And *maybe* these problems could have been surmounted if there were
other things to do to pass the time. But there was nothing else to do
and a limited amount of time to do it in.

So then there's the second wish, which is reasonable, and I find a
necklace and a lamp, which both seem to be nicely foreshadowiffic, and
I learn that maybe granting wishes is not the best way to go after all--
I should do other stuff instead. So we get to the third wish and I
wander around, and don't seem to be able to do enough, and the
walkthrough then tells me that no, granting wishes is actually OK again.
Arrgh!

So I blindly stumble through, walkthrough in hand, trying to make
sense of all this and make it through the Seegan section. Then I show
up again in front of some general. But this time I seem to have emerged
from a bottle, and he's just *looking* at me. >LABIIQ, CAN WE BACK UP A
BIT? I SEEM TO HAVE MISSED SOMETHING. But no, idle chatter is for
those who want to know what's going on. Stumble, stumble. Ah, my old
friend the walkthrough. I've missed you--it's been three whole moves!
I'm no good on my own! Then I read one of the things to do--and start
with astonishment. I *did* that! Really! I typed >KILL WATER all on
my own! And I was told, "Unexpectedly, I did not derive the Purpose
that I felt I should have from doing that." Naturally, I assumed I was
doing something wrong. Since my time here was so short, I undid the
move and tried something else instead. Grrr.
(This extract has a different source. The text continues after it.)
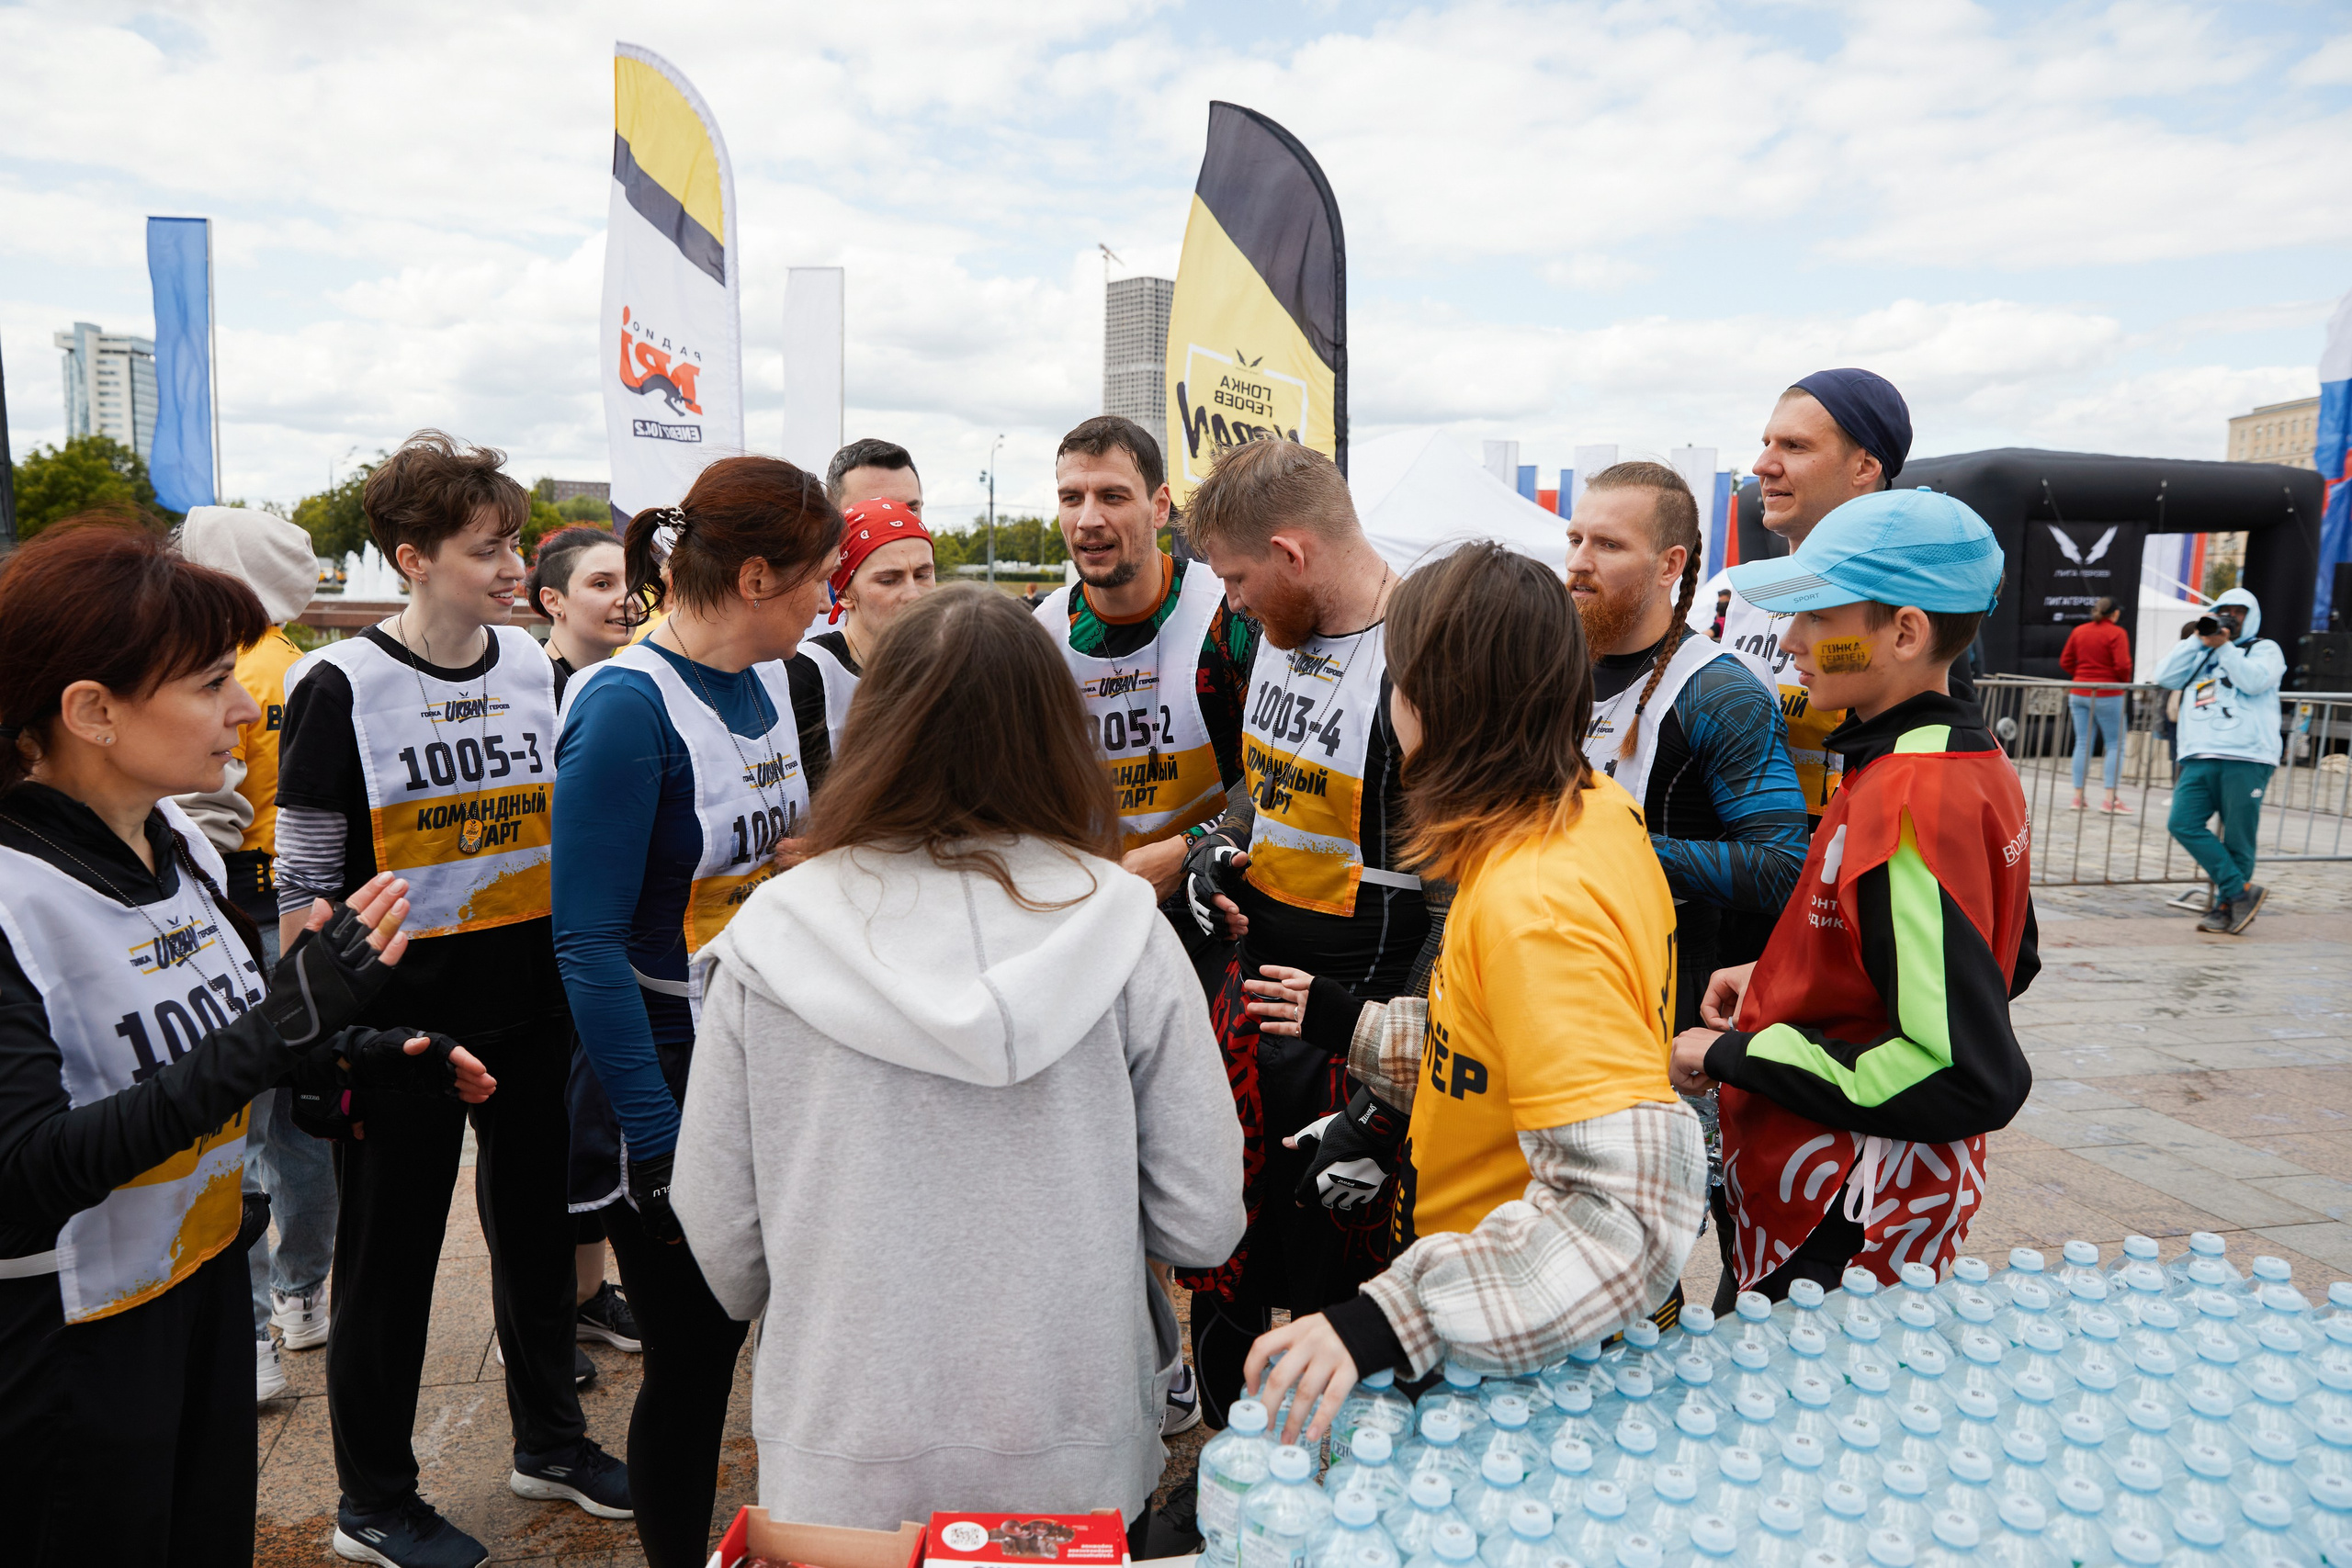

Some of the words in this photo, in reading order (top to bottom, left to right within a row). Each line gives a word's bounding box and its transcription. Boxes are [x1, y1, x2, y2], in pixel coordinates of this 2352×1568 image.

Walkthrough two steps, play one, walkthrough two, play one. This is
becoming a pattern. Then we get to the last section with the mirror.
And I, like, get it! I figure out what I'm supposed to do! Whoop de
doo ra ray! It's a bit anticlimactic, but hey, you take what you can
get. And then we have the end.

Which is *great*! Did I mention there were fantastic ideas here? Once
I figured out what was going on, I was completely sold on the themes and
the ideas and the creative setting. I have some nitpicks, sure, but
overall I loved it. See, in the author's comments in the walkthrough,
they joked about the lack of interactivity vs. the interesting setting.
But it wasn't a lack of interactivity here that was the problem.
Indeed, if there had been *less* interactivity it could have worked
better. The problem was that the interactivity that was there was
unclued, unmotivated, and obscure. The setting *was* great. And a
great setting can make up for a lack of interactivity. But it can't
save obfuscated interactivity, which is a true shame.


Masquerade (mask.z5)
Rating: 8

I recently read an interview with Tom Hanks where he commented that the
main impact of the TV show 'Survivor' on his new film, "Cast Away" is
that it would be mentioned in the first paragraph of every review of the
film. This game has an equally obvious comparison: Plundered Hearts.
Both are set in vaguely the same time period (if not the same setting),
but more importantly, both fall into the 'romance' category. The
classic tropes are in both: a fiercely independent heroine who finds
romance (if not love) in the course of dealing with some crisis.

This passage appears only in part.